**What is needed:** The entries below should be set down again exactly, with every picture left out.

**Input for this task:**
=====
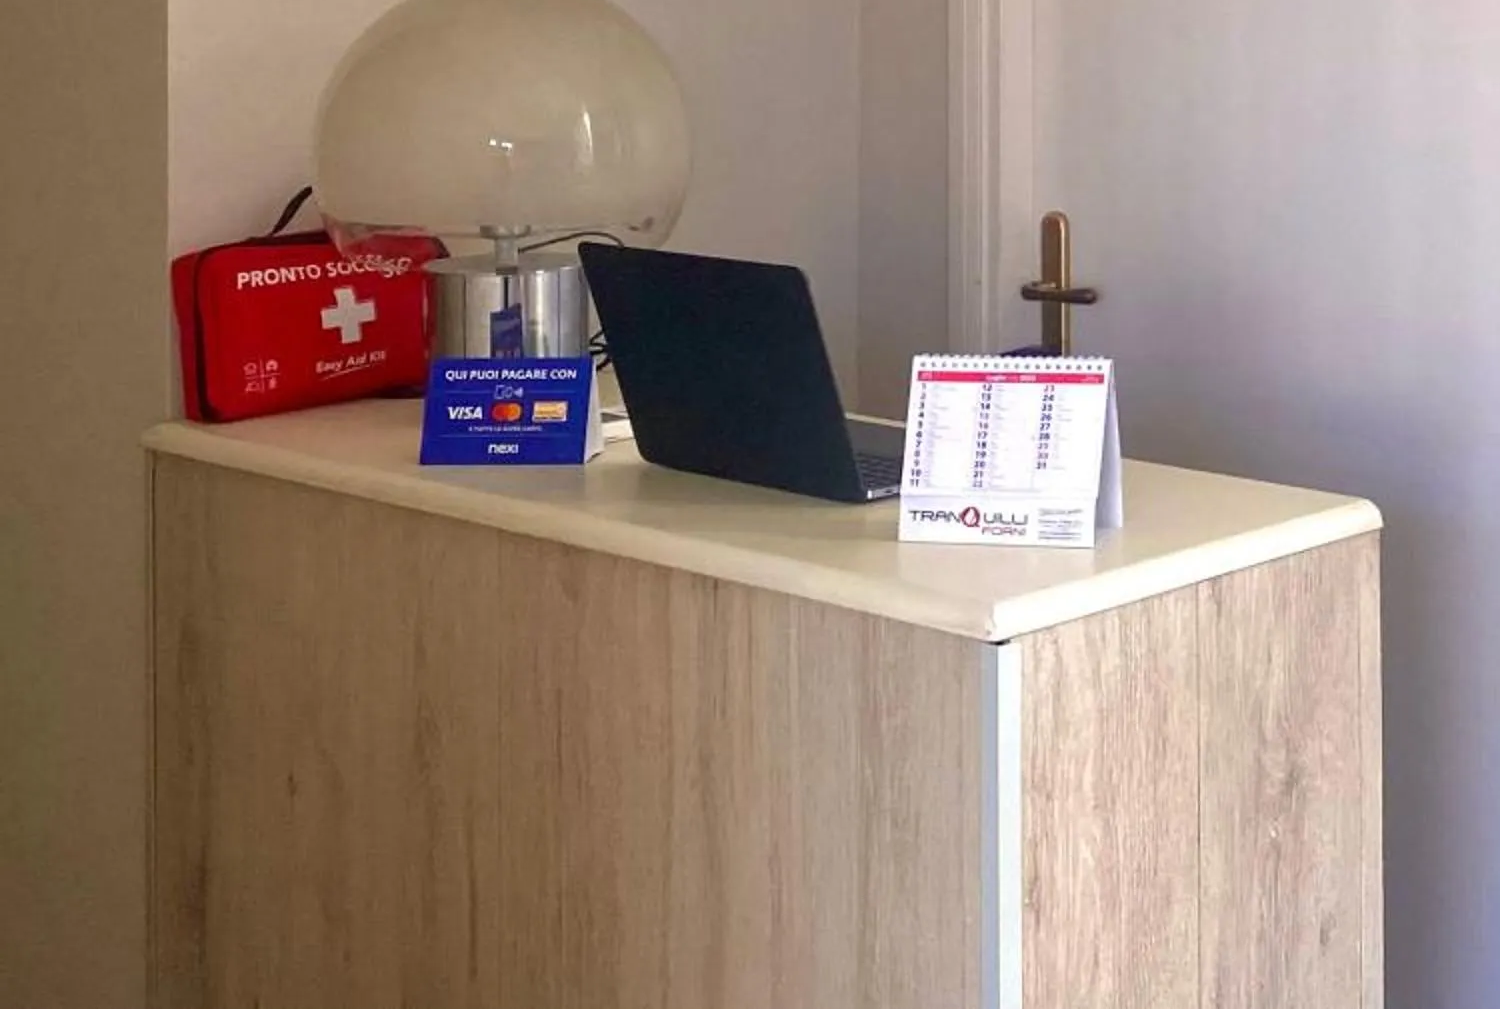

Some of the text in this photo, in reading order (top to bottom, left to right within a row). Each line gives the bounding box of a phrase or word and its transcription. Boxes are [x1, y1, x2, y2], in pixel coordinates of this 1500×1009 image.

[237, 263, 321, 290] PRONTO
[315, 358, 343, 374] Easy
[346, 352, 367, 366] Aid
[445, 369, 577, 381] QUI PUOI PAGARE CON
[447, 405, 483, 420] VISA
[487, 442, 519, 455] nexi
[981, 526, 1027, 537] FORNI
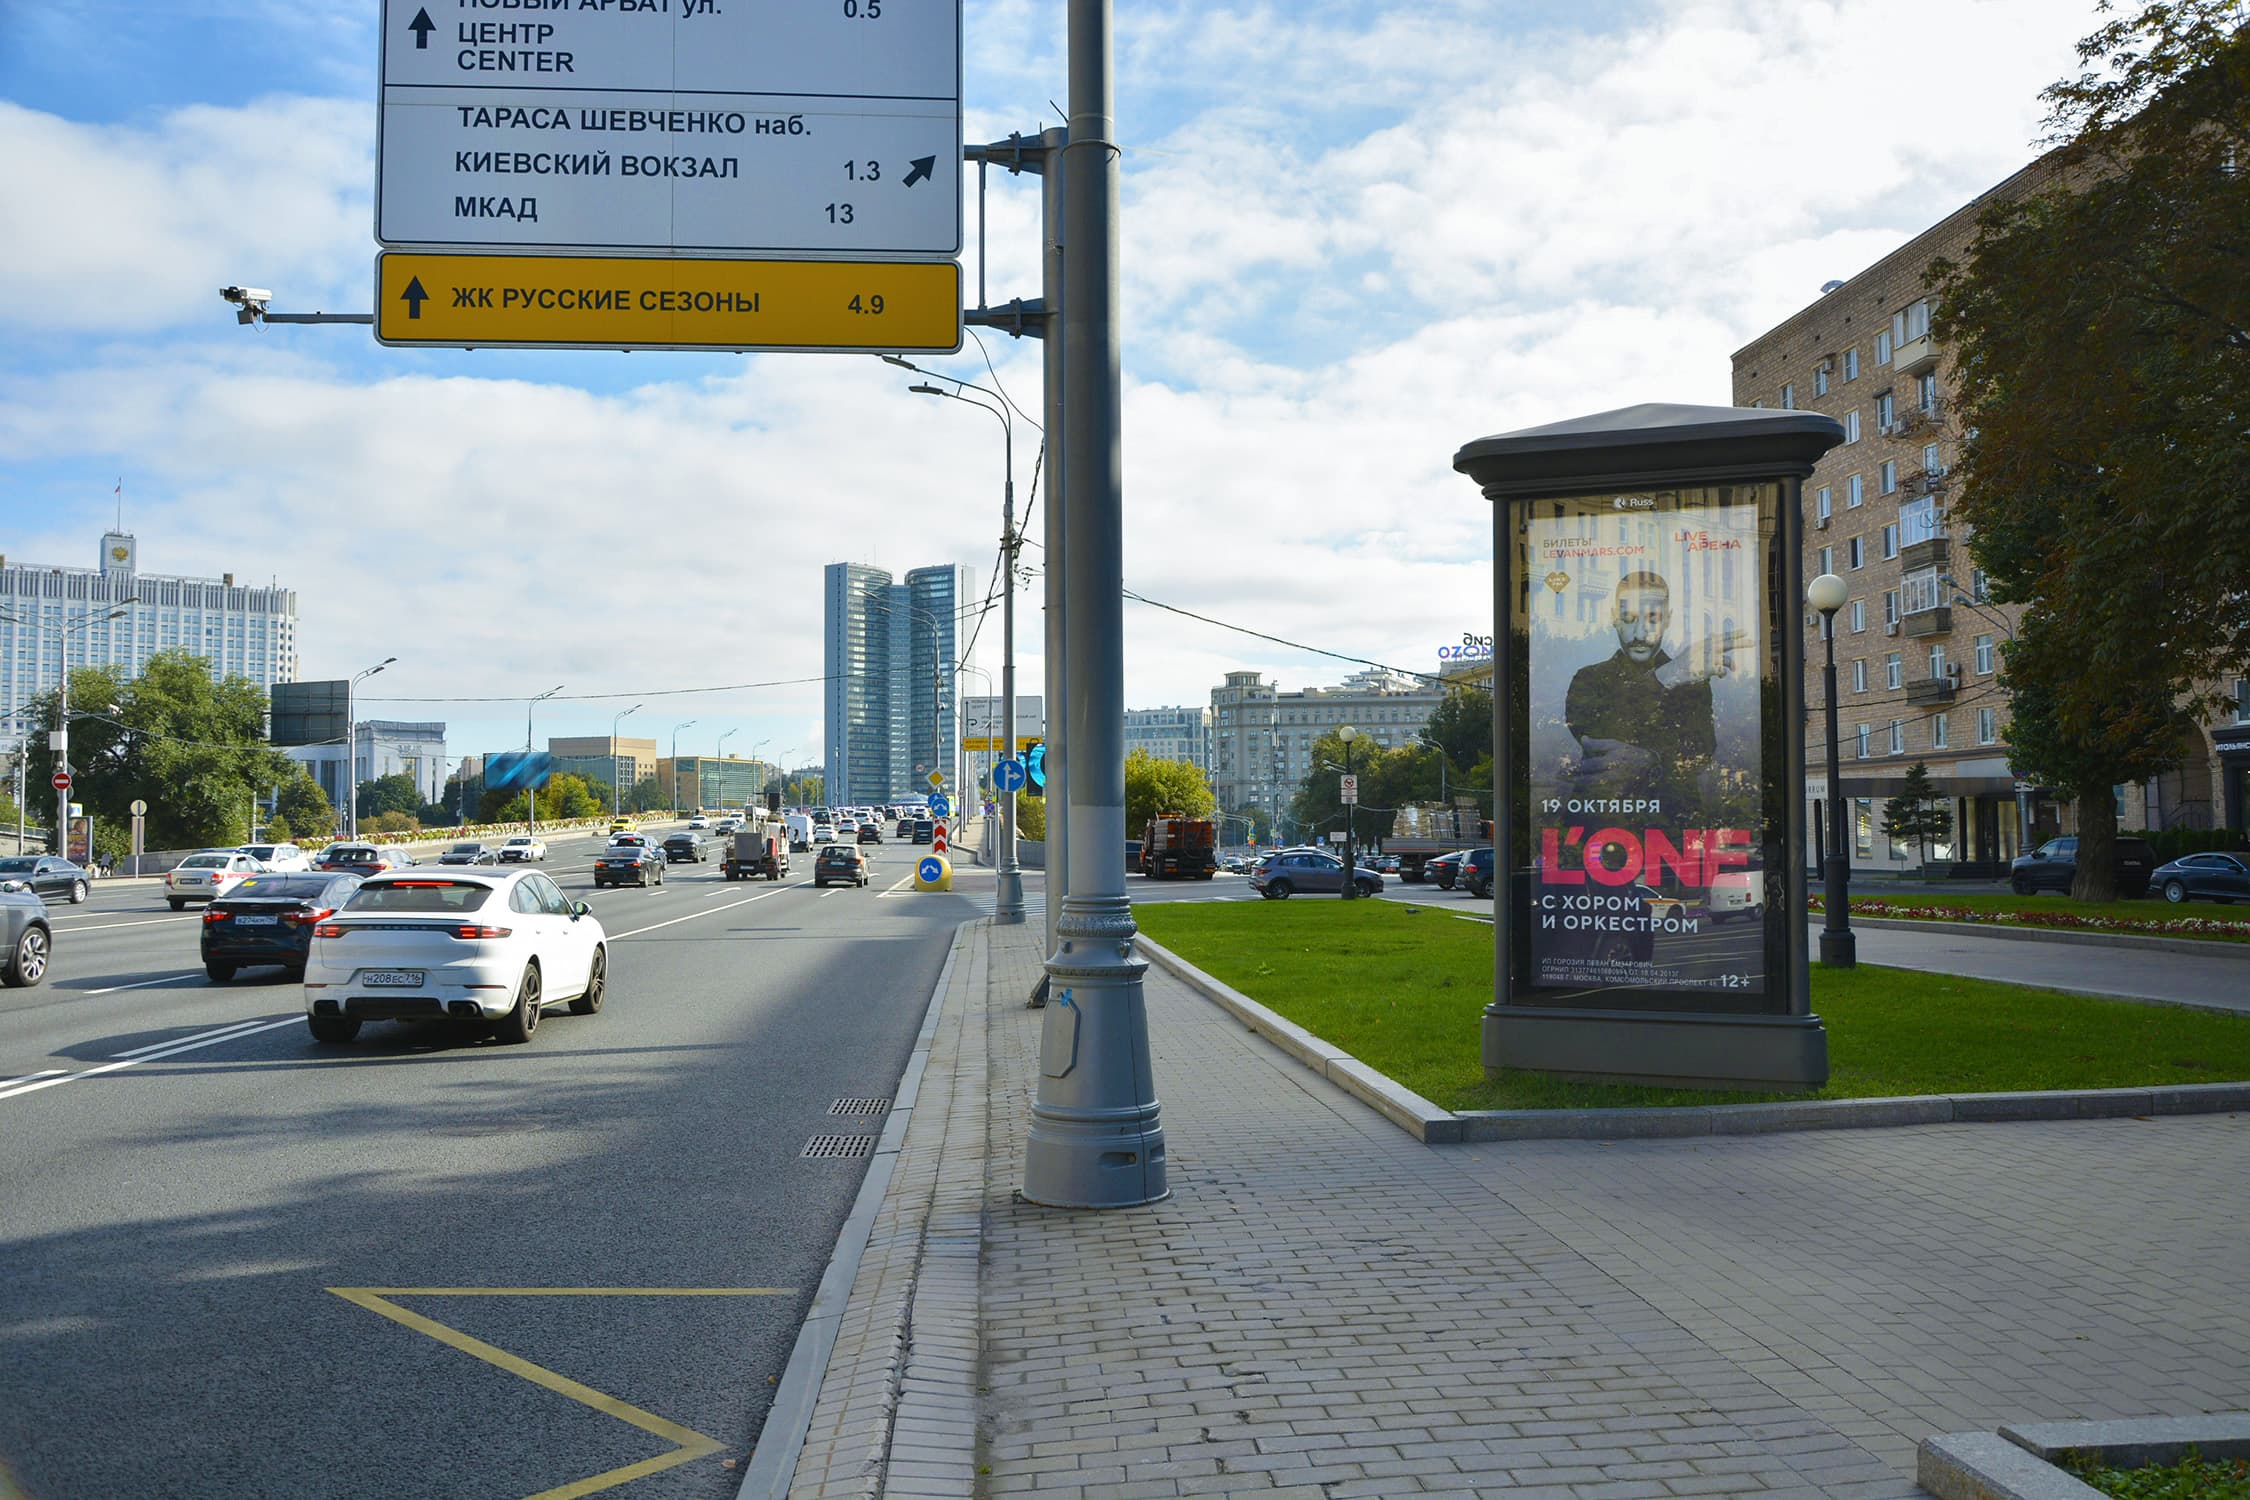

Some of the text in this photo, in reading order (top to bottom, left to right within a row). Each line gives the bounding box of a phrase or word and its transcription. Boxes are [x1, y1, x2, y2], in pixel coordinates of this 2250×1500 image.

[844, 0, 882, 19] 0.5
[458, 23, 554, 46] ЦЕНТР
[457, 50, 575, 72] CENTER
[457, 107, 812, 136] ТАРАСА ШЕВЧЕНКО наб.
[455, 150, 738, 179] КИЕВСКИЙ ВОКЗАЛ
[843, 161, 881, 181] 1.3
[455, 197, 538, 222] МКАД
[825, 204, 854, 224] 13
[452, 288, 760, 313] ЖК РУССКИЕ СЕЗОНЫ
[847, 295, 885, 315] 4.9
[1630, 498, 1654, 507] Russ
[1543, 537, 1592, 548] БИЛЕТЫ
[1675, 531, 1708, 543] LIVE
[1688, 539, 1742, 552] АРЕНА
[1543, 546, 1645, 559] LEVANMARS.COM
[1542, 799, 1661, 814] 19 ОКТЯБРЯ
[1541, 895, 1641, 912] С ХОРОМ
[1541, 915, 1699, 934] И ОРКЕСТРОМ
[1720, 973, 1751, 989] 12+
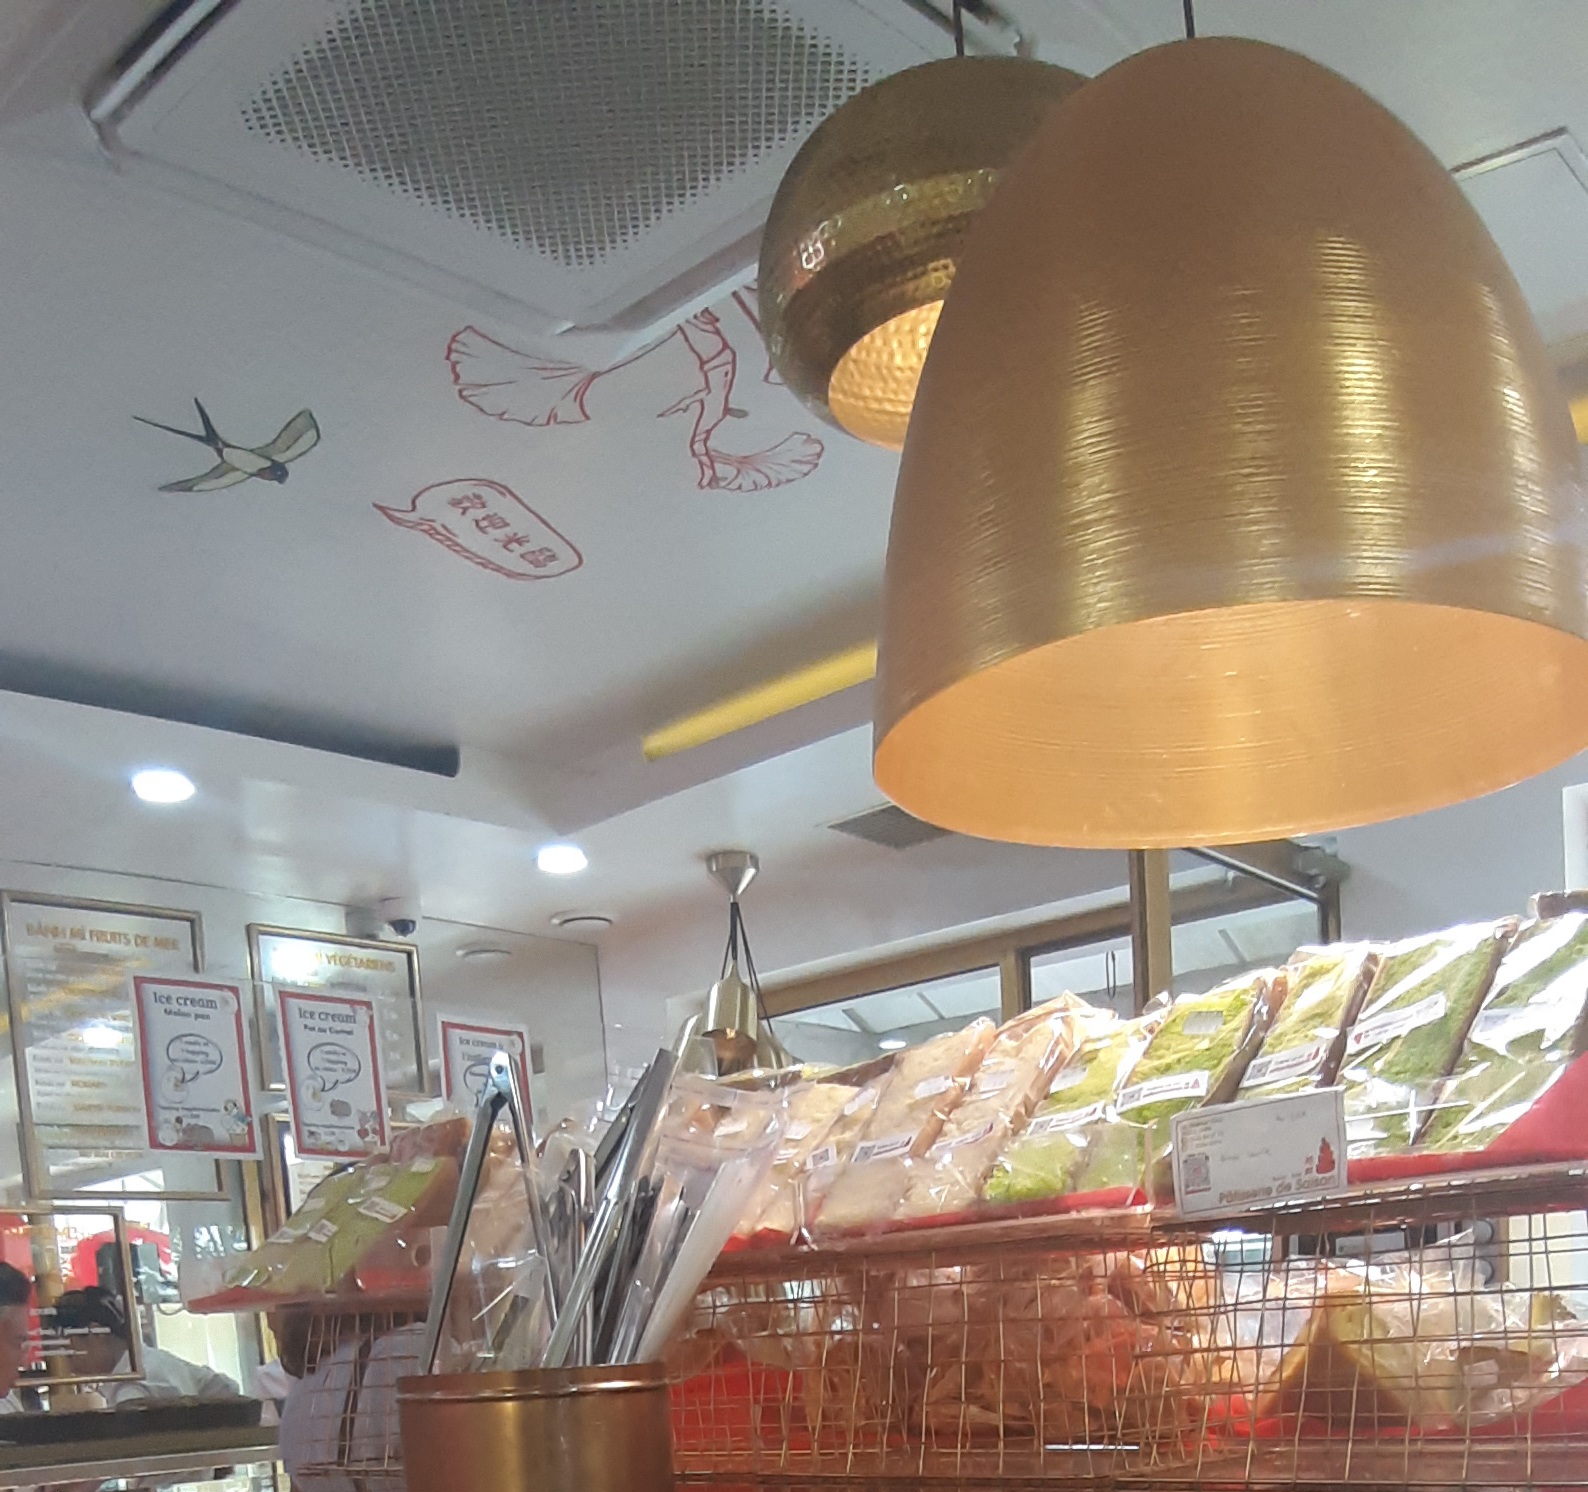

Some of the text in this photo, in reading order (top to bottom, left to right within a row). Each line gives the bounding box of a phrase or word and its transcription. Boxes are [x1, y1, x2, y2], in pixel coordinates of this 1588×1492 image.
=====
**Output:**
Some of the text in this photo, in reading order (top to bottom, left to right within a row). Each line gives the bounding box of a phrase or word and its transcription. Boxes are [x1, y1, x2, y2], in pixel coordinates of this 1500×1009 image.

[237, 263, 321, 290] PRONTO
[315, 358, 343, 374] Easy
[346, 352, 367, 366] Aid
[445, 369, 577, 381] QUI PUOI PAGARE CON
[447, 405, 483, 420] VISA
[487, 442, 519, 455] nexi
[981, 526, 1027, 537] FORNI

Some of the text in this photo, in reading order (top to bottom, left to right within a row). Each line gives the bounding box of a phrase or word and its transcription. Boxes are [x1, y1, x2, y2], in pixel coordinates of this 2250×1500 image.

[844, 0, 882, 19] 0.5
[458, 23, 554, 46] ЦЕНТР
[457, 50, 575, 72] CENTER
[457, 107, 812, 136] ТАРАСА ШЕВЧЕНКО наб.
[455, 150, 738, 179] КИЕВСКИЙ ВОКЗАЛ
[843, 161, 881, 181] 1.3
[455, 197, 538, 222] МКАД
[825, 204, 854, 224] 13
[452, 288, 760, 313] ЖК РУССКИЕ СЕЗОНЫ
[847, 295, 885, 315] 4.9
[1630, 498, 1654, 507] Russ
[1543, 537, 1592, 548] БИЛЕТЫ
[1675, 531, 1708, 543] LIVE
[1688, 539, 1742, 552] АРЕНА
[1543, 546, 1645, 559] LEVANMARS.COM
[1542, 799, 1661, 814] 19 ОКТЯБРЯ
[1541, 895, 1641, 912] С ХОРОМ
[1541, 915, 1699, 934] И ОРКЕСТРОМ
[1720, 973, 1751, 989] 12+

Some of the text in this photo, in reading order (top to bottom, left to right within a row). Each line gives the bounding box of a phrase or word and its transcription. Boxes are [x1, y1, x2, y2], in pixel coordinates of this 1588×1492 image.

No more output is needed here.